START RECORDS FOR PROCESSING
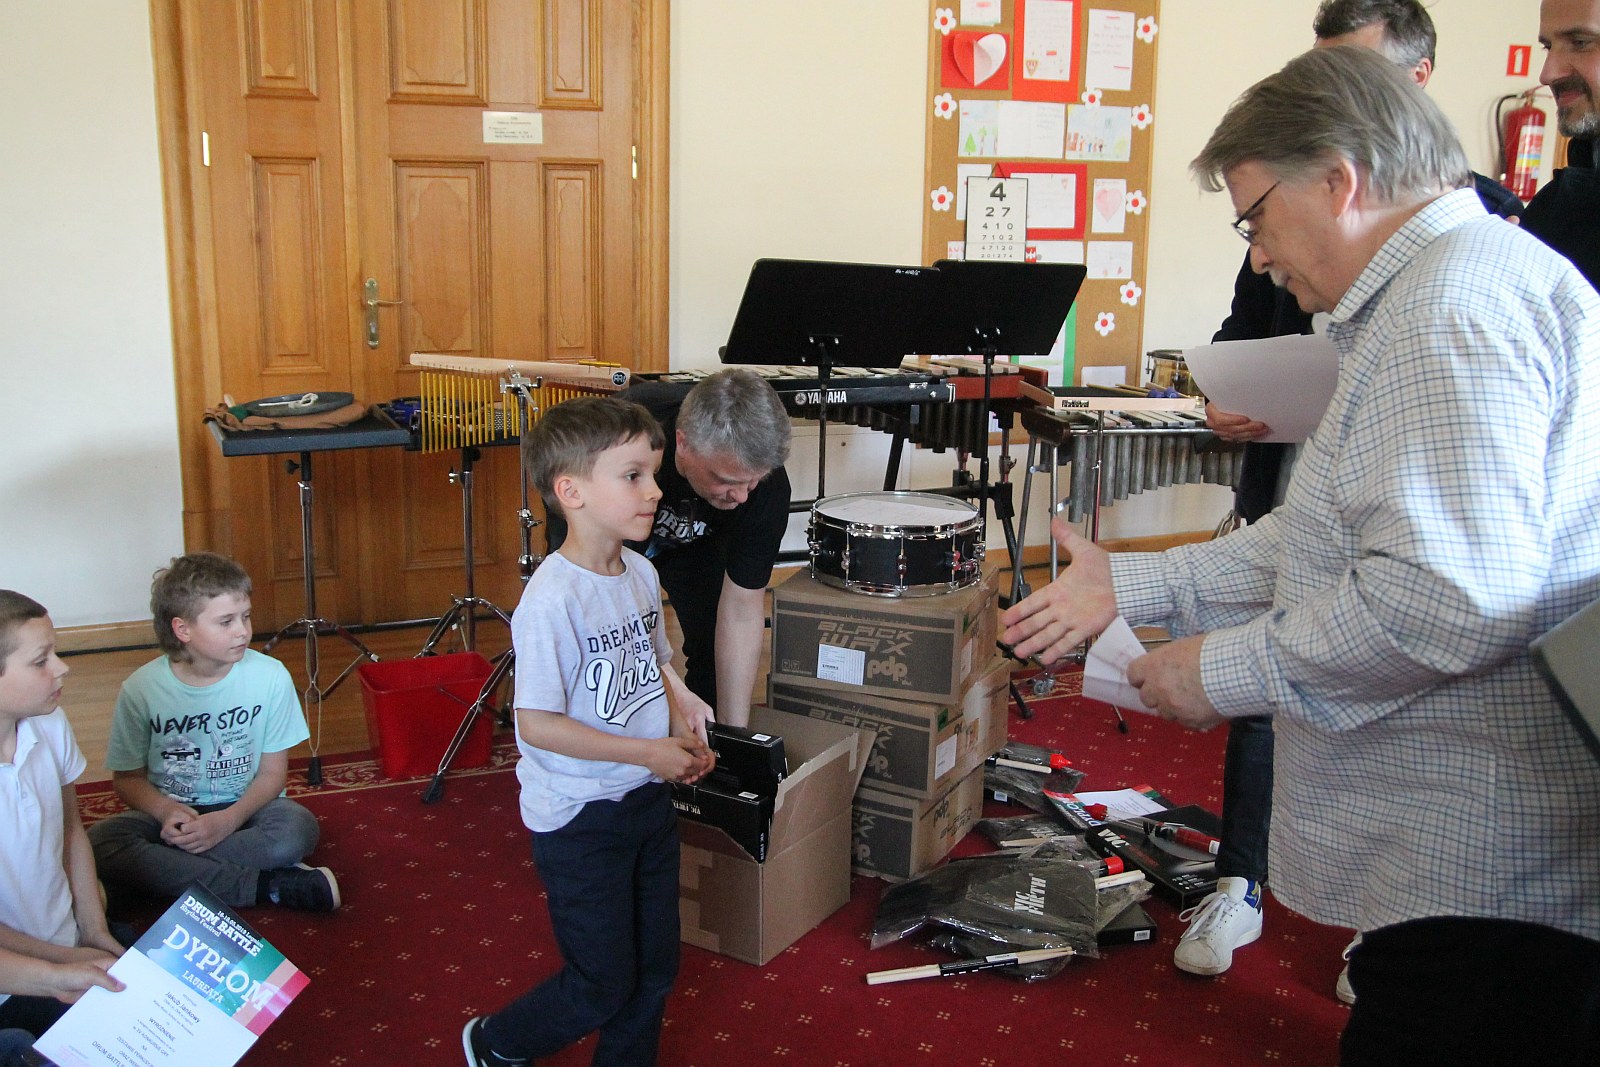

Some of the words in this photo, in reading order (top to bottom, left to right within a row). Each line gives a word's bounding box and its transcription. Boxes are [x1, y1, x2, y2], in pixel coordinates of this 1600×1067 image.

[990, 182, 1006, 201] 4
[587, 620, 641, 653] DREAM
[818, 621, 914, 641] BLACK
[820, 632, 912, 656] WAX
[867, 656, 908, 681] pdp
[149, 713, 211, 735] NEVER
[216, 705, 262, 729] STOP
[206, 759, 231, 770] SKATE
[1097, 829, 1131, 848] VIC
[1014, 891, 1030, 911] VIC
[1028, 877, 1046, 916] FIRTH
[180, 903, 201, 922] Rhythm
[200, 918, 222, 937] Festival
[184, 895, 220, 926] DRUM
[217, 920, 261, 957] BATTLE
[162, 924, 277, 1011] DYPLOM
[182, 970, 224, 1004] LAUREATA
END RECORDS FOR PROCESSING
(INSTRUCTIONS FOR THE TASK): Any pictures above are to be left out. Retype the rest of the records exactly.

(RESULT BELOW):
Some of the words in this photo, in reading order (top to bottom, left to right within a row). Each line gives a word's bounding box and its transcription. Boxes are [x1, y1, x2, y2], in pixel coordinates of this 1600×1067 image.

[990, 182, 1006, 201] 4
[587, 620, 641, 653] DREAM
[818, 621, 914, 641] BLACK
[820, 632, 912, 656] WAX
[867, 656, 908, 681] pdp
[149, 713, 211, 735] NEVER
[216, 705, 262, 729] STOP
[206, 759, 231, 770] SKATE
[1097, 829, 1131, 848] VIC
[1014, 891, 1030, 911] VIC
[1028, 877, 1046, 916] FIRTH
[180, 903, 201, 922] Rhythm
[200, 918, 222, 937] Festival
[184, 895, 220, 926] DRUM
[217, 920, 261, 957] BATTLE
[162, 924, 277, 1011] DYPLOM
[182, 970, 224, 1004] LAUREATA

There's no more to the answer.